The burial site wasn’t identified as Jewish until 1996, when it began being developed, Munib added. The Nasserist Party petitioned the court to declare the area isn’t a historic site, a move that would ban the annual Jewish festivities he said included the drinking of alcohol. In 2001, the court accepted the appeal.

Mubarak’s National Democratic Party (NDP) won and overwhelming majority of the seats in Egypt’s parliamentary elections November 28. Opposition groups and international observers accused the regime of widespread election fraud and a violent crackdown on opposition activists.   

Munib said Mubarak’s regime was ignoring the court ruling and allowing Zionists to enter Egypt in order to buy the world’s silence regarding his election fraud and plans to bequeath the regime to his son, Gamal.

"When elections were falsified in Iran the world was in an uproar, but Europe remained silent about election fraud in Egypt, which was a thousand times worse," he said. "I simply can’t understand the European criteria on this matter."

Another grassroots campaign, the coalition of "Bloggers against Abu-Hasira", sharply criticized the government and called for the arrest of the Egyptian official who allowed the festivities to take place.

"It isn’t surprising that the regime, which falsified the will of the Egyptian people, would allow the Zionist regime to trample the will of Egypt, its laws and its constitution with recurring visits throughout the year, and especially during December," the coalition told the Egyptian daily Al-Yom A-Sabi’.

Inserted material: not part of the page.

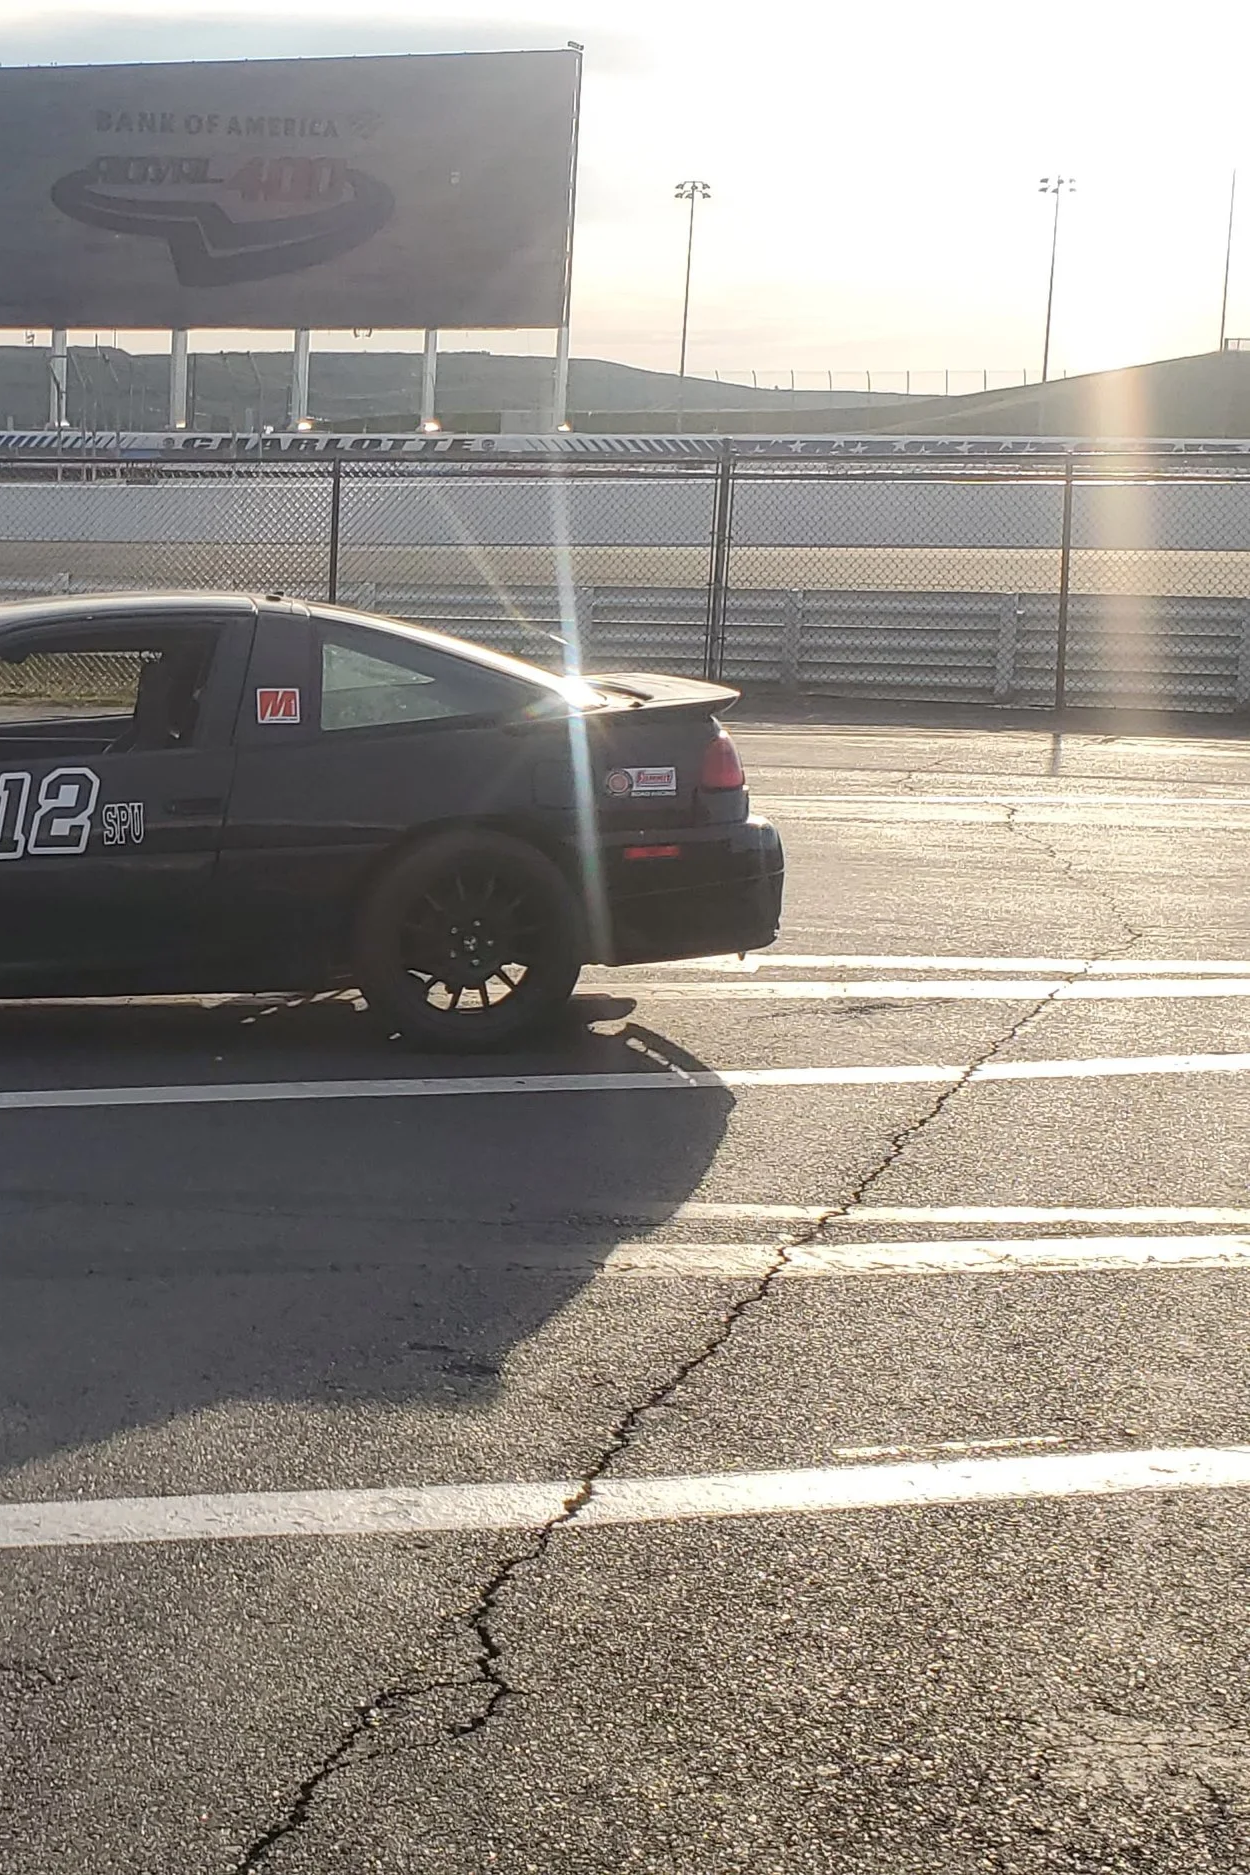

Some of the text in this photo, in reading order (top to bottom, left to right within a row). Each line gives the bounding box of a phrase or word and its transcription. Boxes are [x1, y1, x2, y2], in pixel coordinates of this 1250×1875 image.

[95, 110, 340, 138] BANK OF AMERICA
[181, 436, 476, 451] CHARLOTTE
[103, 803, 144, 845] SPU

In January, the Egyptian state prosecutor charged a local armed group with plans to bomb Abu-Hasira’s mausoleum during the annual festivities as well as American ships in the Suez Canal, the Egyptian daily Al-Masri Al-Yom reported.

Yaakov Yehudayoff, a Jerusalem resident and Abu-Hasira’s great great-grandson, has been visiting the grave in Egypt since 1988. He said that Egyptian authorities repeatedly amounted difficulties on Israeli pilgrims.

"We’ve never encountered hatred, but you can tell from their faces that they don’t like us there," he told The Media Line. "At the grave itself they take our cell phones, our alcoholic beverages, and act very aggressively."

Yehudayoff added that Egypt often denied entry visas to Israeli pilgrims. "Last year they refused 180 applications after we had already booked an airplane," he said.

Yehudayoff denied allegations that pilgrims were trying to take over Egypt. He said that Abu-Hasira was buried in a small Jewish cemetery on land owned by the local Jewish community.

When Israel and Egypt signed the Camp David peace accords in 1978, Israeli Minister of Religious Affairs Aharon Abu-Hasira, a relative of the deceased rabbi, requested that his remains be moved to Israel. But the rabbi’s grandson, the renowned Rabbi Israel Abu-Hasira, also known as Baba-Sali, refused.

"According to the historic account, a week before his death Rabbi Yaakov Abu-Hasira told the community in Egypt that he is about to die. They wanted to bring him to Alexandria, but he said ‘the soul will go to its resting place, but the body shall remain here," Yehudayoff said.